[Material provided]

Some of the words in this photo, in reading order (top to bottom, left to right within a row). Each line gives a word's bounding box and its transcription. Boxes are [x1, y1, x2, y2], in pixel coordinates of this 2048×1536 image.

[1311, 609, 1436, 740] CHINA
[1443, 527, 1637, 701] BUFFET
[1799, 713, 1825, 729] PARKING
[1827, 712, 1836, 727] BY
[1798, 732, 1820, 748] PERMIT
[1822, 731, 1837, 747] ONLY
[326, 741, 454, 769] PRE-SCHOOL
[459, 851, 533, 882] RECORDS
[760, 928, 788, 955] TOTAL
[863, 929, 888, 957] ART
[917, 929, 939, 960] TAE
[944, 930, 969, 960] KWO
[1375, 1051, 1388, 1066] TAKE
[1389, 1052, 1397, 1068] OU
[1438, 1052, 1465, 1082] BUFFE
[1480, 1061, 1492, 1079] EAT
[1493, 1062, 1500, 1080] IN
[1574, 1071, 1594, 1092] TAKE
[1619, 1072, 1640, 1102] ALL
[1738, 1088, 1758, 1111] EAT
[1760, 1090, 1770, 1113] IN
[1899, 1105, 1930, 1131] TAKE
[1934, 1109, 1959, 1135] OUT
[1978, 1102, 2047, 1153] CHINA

[/Material provided]

- Task prompt: All of the material, restated exactly, is the expected result.

- Solution to this problem:
Some of the words in this photo, in reading order (top to bottom, left to right within a row). Each line gives a word's bounding box and its transcription. Boxes are [x1, y1, x2, y2], in pixel coordinates of this 2048×1536 image.

[1311, 609, 1436, 740] CHINA
[1443, 527, 1637, 701] BUFFET
[1799, 713, 1825, 729] PARKING
[1827, 712, 1836, 727] BY
[1798, 732, 1820, 748] PERMIT
[1822, 731, 1837, 747] ONLY
[326, 741, 454, 769] PRE-SCHOOL
[459, 851, 533, 882] RECORDS
[760, 928, 788, 955] TOTAL
[863, 929, 888, 957] ART
[917, 929, 939, 960] TAE
[944, 930, 969, 960] KWO
[1375, 1051, 1388, 1066] TAKE
[1389, 1052, 1397, 1068] OU
[1438, 1052, 1465, 1082] BUFFE
[1480, 1061, 1492, 1079] EAT
[1493, 1062, 1500, 1080] IN
[1574, 1071, 1594, 1092] TAKE
[1619, 1072, 1640, 1102] ALL
[1738, 1088, 1758, 1111] EAT
[1760, 1090, 1770, 1113] IN
[1899, 1105, 1930, 1131] TAKE
[1934, 1109, 1959, 1135] OUT
[1978, 1102, 2047, 1153] CHINA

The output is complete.